Erstes Kennenlernen
Amtsgericht: Stadtspitze trifft neue Direktorin
- Offener Austausch und erstes Kennenlernen: Die Stadtspitze trifft neue Direktorin des Amtsgerichts Achern Dr. Anja von Harling (2. v. r.)
- Foto: Stadt Achern
- hochgeladen von Matthias Kerber
Achern (st) Zu einem ersten Kennenlerntermin haben sich Oberbürgermeister Manuel Tabor und Bürgermeister Andreas Kollefrath mit der neuen Direktorin des Amtsgericht Achern, Dr. Anja von Harling, getroffen. In den Räumlichkeiten des Grundbuchamtes kam es zu einem offenen und regen Austausch über aktuelle Themen und gemeinsame Berührungspunkte.
Seit rund zwei Monaten ist von Harling am Amtsgericht Achern tätig und trägt die Verantwortung für rund 80 Mitarbeiter. In dem Gespräch zeigte sie sich sehr angetan von ihrem neuen Wirkungsort: Achern sei gut aufgestellt, die Zusammenarbeit innerhalb der Behörde funktioniere sehr gut. „Eine so positive Arbeitsatmosphäre habe ich in dieser Form bislang noch nicht erlebt“, betonte sie. Die Mitarbeiter fühlten sich wohl, auch wenn die räumliche Situation und die Ausstattung noch Entwicklungspotenzial böten.
Auch ihren persönlichen und beruflichen Werdegang sprach die neue Direktorin offen an. Als Mutter von drei Kindern habe sie ihre berufliche Laufbahn zunächst zugunsten der Familie zurückgestellt und erst später – mit rund 50 Jahren – gezielt weiterentwickelt. Nach ihrer Abordnung an das Oberlandesgericht Karlsruhe arbeitete sie mehrere Jahre als Stellvertretende Pressesprecherin des Bundesverfassungsgerichts. Zuletzt war von Harling als Direktorin des Amtsgerichts Bretten tätig. In Achern umfasst ihre Tätigkeit heute einen Verwaltungsanteil von rund 60 Prozent, daneben ist sie weiterhin als Richterin – überwiegend im Zivilrecht – tätig.
Vielseitige Aufgaben
Die neue Aufgabe am Amtsgericht Achern umfasst neben der richterlichen Tätigkeit und der Dienstaufsicht auch die Leitung des zum Gericht gehörenden Grundbuchamtes, eines von 13 zentralen Grundbuchämtern in Baden-Württemberg. Es ist seit dem 1. Juli 2012 für sämtliche Grundbuchsachen aus den Landgerichtsbezirken Baden-Baden und Offenburg zuständig.

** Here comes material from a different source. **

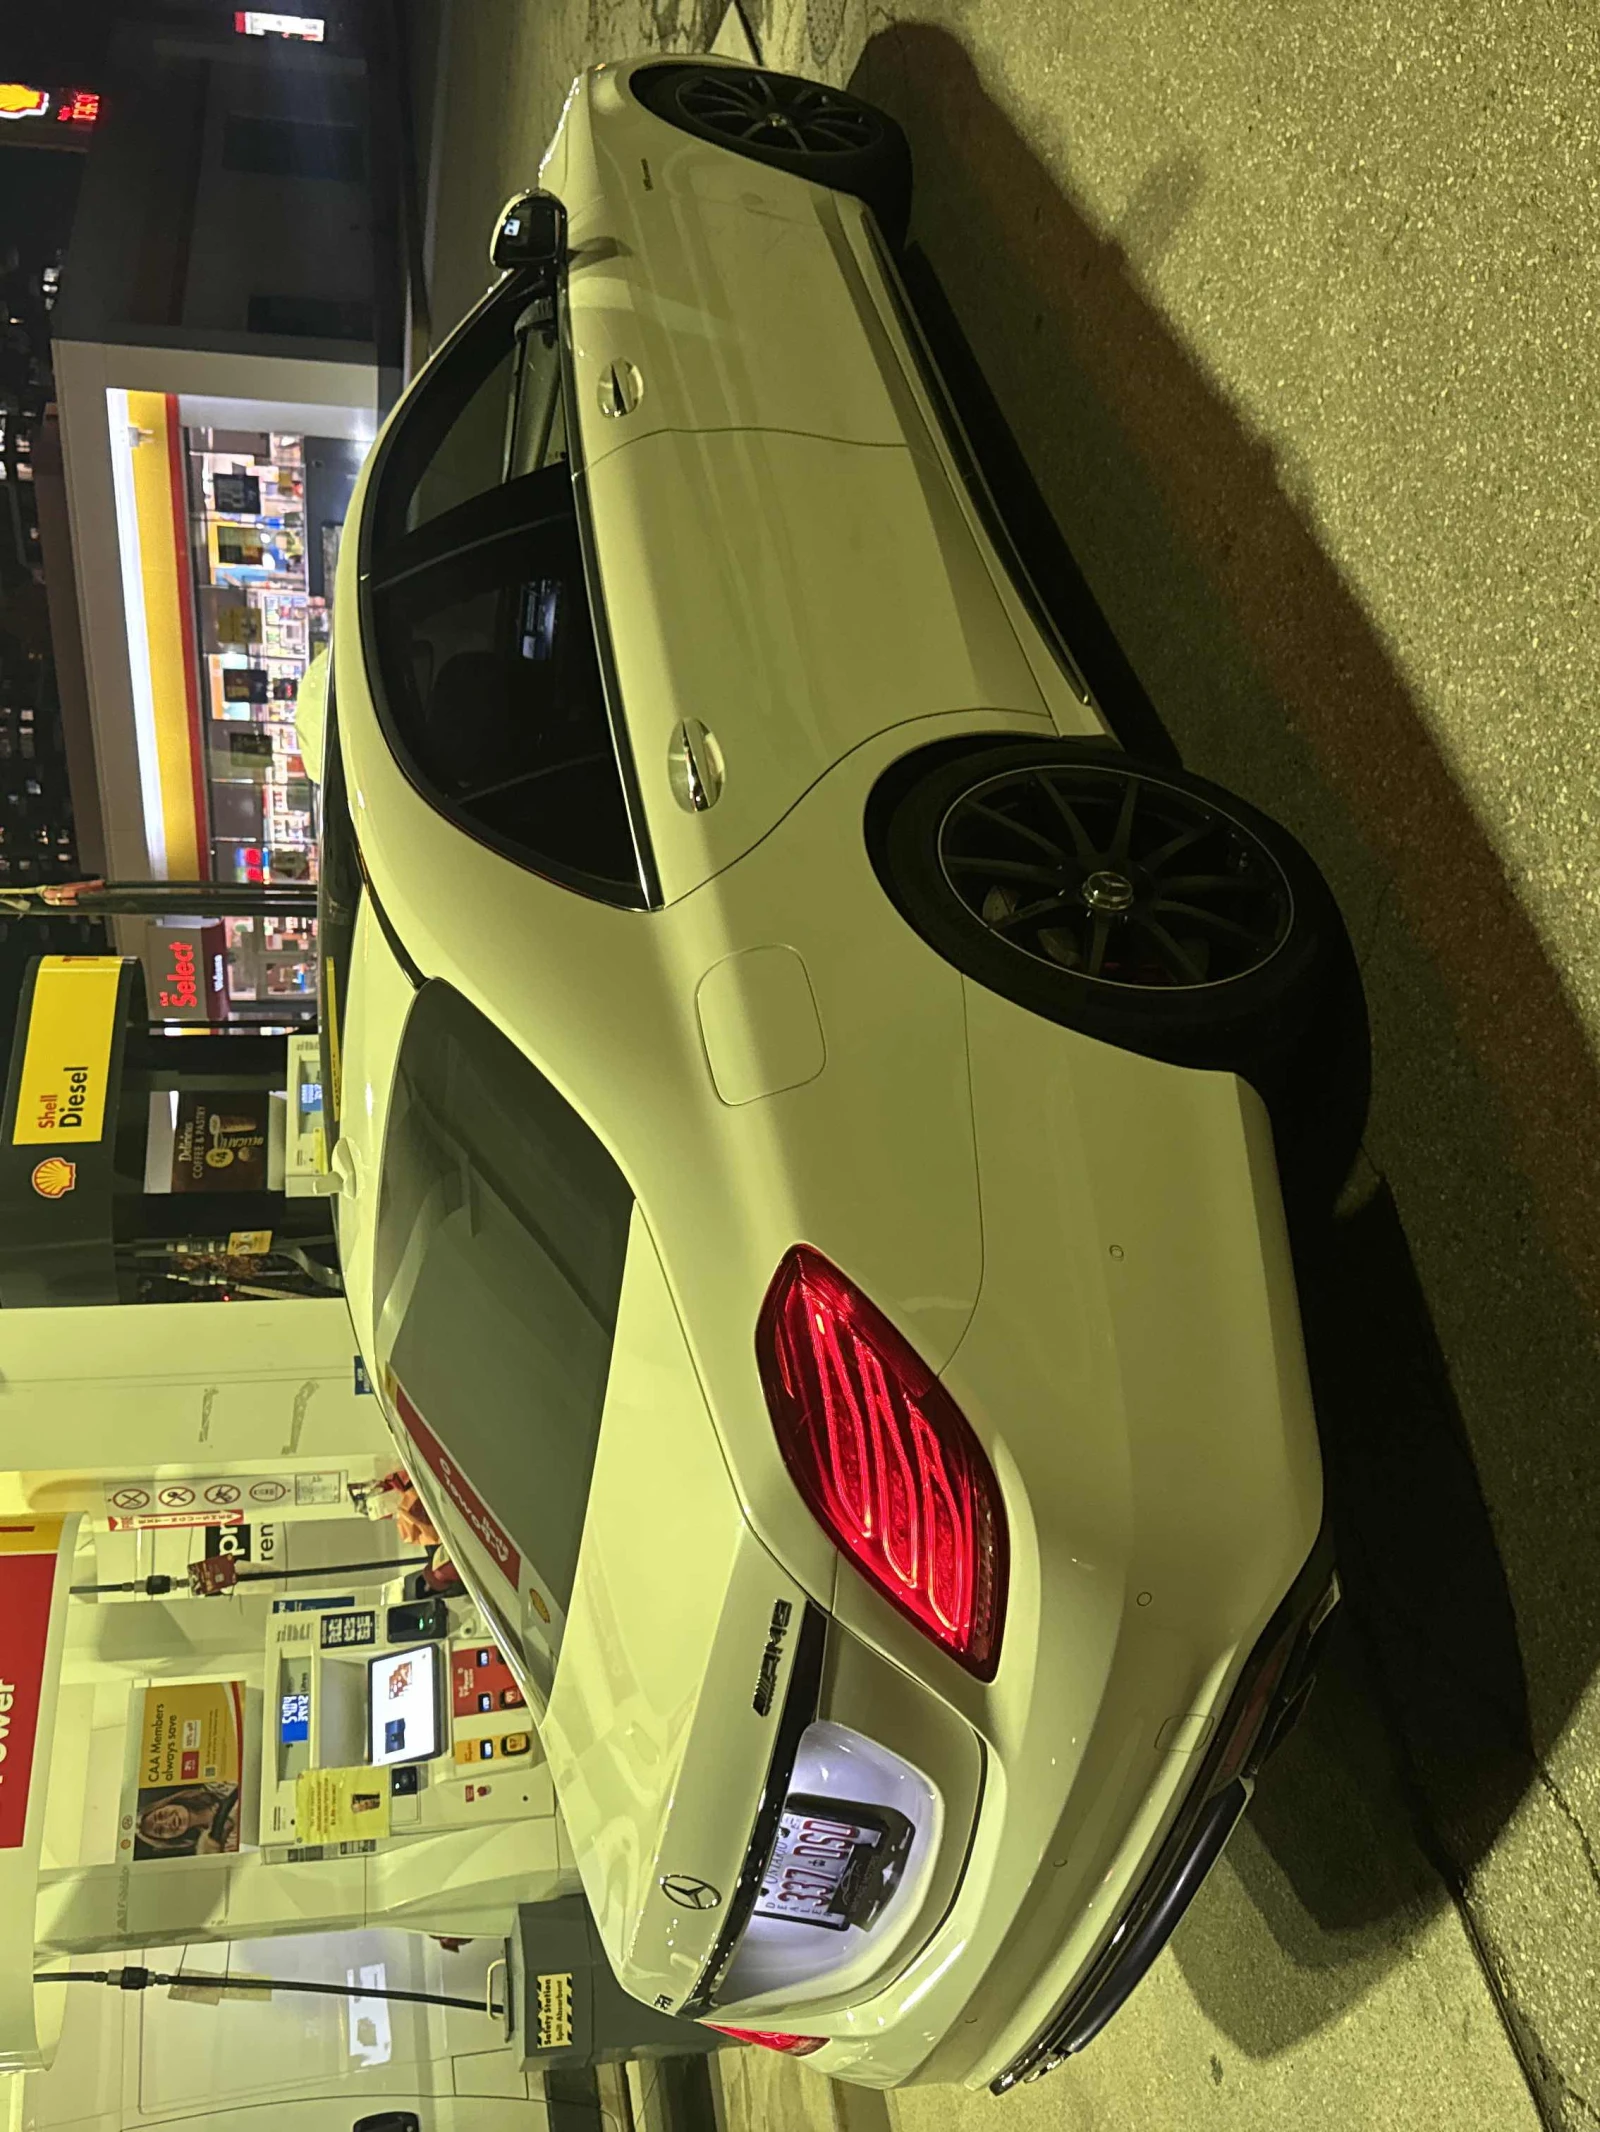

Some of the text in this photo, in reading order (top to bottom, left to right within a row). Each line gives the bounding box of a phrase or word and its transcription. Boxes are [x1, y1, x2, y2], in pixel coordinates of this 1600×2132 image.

Oberbürgermeister Tabor und Bürgermeister Kollefrath stellten im Gespräch auch die Stadtverwaltung und ihre Aufgaben vor. Sich selbst bezeichnen sie als dynamisches Duo und verwiesen auf die große Bandbreite kommunaler Aufgaben – „von A wie Abwasser bis Z wie Zebrastreifen“. Gerade an Schnittstellen, etwa beim Grundbuch oder bei mietrechtlichen Fragestellungen, gebe es regelmäßige Berührungspunkte zwischen Stadt und Justiz.
Ein weiterer Schwerpunkt des Gesprächs lag auf den aktuellen Herausforderungen am Amtsgericht. Die Zahl der Verfahren sei in einigen Bereichen weiterhin hoch, erläuterte von Harling. Gleichzeitig verwies sie auf alternative Formen der Streitbeilegung. Als ausgebildete Güterichterin setzt sie sich für sogenannte Gütetermine ein – mit Erfolg: In mehr als der Hälfte der Fälle könne eine einvernehmliche Lösung erzielt werden.
Auch das Thema Fachkräftesicherung wurde angesprochen. Derzeit sei die Personalsituation am Amtsgericht Achern noch zufriedenstellend. Die Justiz müsse aber weiterhin attraktiv bleiben, um gute Mitarbeiter zu gewinnen
Einigkeit bestand am Ende des Gesprächs darüber, dass die Zusammenarbeit zwischen Stadt und Amtsgericht sehr gut funktioniere und von kurzen Wegen geprägt sei. Ein kleines Verbesserungspotenzial wurde dennoch augenzwinkernd angesprochen: Der Innenhof des Areals könne etwas mehr Pflege vertragen. Gleichzeitig wurde positiv hervorgehoben, dass der städtische Bauhof bei einem entsprechenden Hinweis im vergangenen Jahr schnell und unkompliziert unterstützt habe – ein weiteres Beispiel für die funktionierende Zusammenarbeit vor Ort.